Мы пожали плечами. Фима сказал:
— Я отвезу вас.
— А кто с детьми?
— Я Инну попросил.
Инной звали одну из воспитательниц. Дашка уволила ее накануне: две с половиной тысячи шекелей в месяц — это для нас большая экономия. Инна держалась за свою работу, как никто другой: пятилетний Давидик всегда был при ней. До этого она лишилась пособия по бедности, потому что не смогла пробиться к двери сквозь толпу настырных баб, когда выкрикнули ее фамилию. Мы все ее любили.
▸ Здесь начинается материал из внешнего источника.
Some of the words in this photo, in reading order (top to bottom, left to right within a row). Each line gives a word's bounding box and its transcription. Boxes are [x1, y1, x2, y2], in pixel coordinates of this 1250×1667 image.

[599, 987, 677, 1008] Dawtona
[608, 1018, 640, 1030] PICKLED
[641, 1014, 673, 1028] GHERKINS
Когда Фима узнал, что Дашка ее уволила, он попытался отстоять:
— Я считаю, если уж увольнять, то Шоши, у нее муж работает.
— Шоши мы не можем уволить, — сказала Дашка. — Она живет на нашей улице, все будут против нас.
Спорить с Дашкой Фима не умел, и Инна работала последний день. Мы попросили ее последить за Гаем.
Кладбище расположено на холме, его обдувает сильный бриз, с аллей открывается вид на белый город под ярким солнцем. Мы шли вниз по склону, туда, где уже толпились люди у свежей могилы. Нас обогнали два парня с видеокамерой, и тот, что нес ее, сказал другому:
— Отличный план, лучше не придумаешь. Возьми панораму города, с нее выйдешь на мать, когда я кончу говорить — дашь обратную на город.
Навстречу бежал несуразный человек с молитвенником под мышкой. Несуразность заключалась в фигуре с женским задом и покатыми плечами. Они переходили в шею незаметно, как у пингвина. Что-то дегенеративное было в лице, озаренном радостью. Сзади нас выносили из молельной Ицика, человек спешил присоединиться к процессии, боялся опоздать на праздник смерти. Его невозможно было не узнать: это он однажды ворвался в нашу калитку…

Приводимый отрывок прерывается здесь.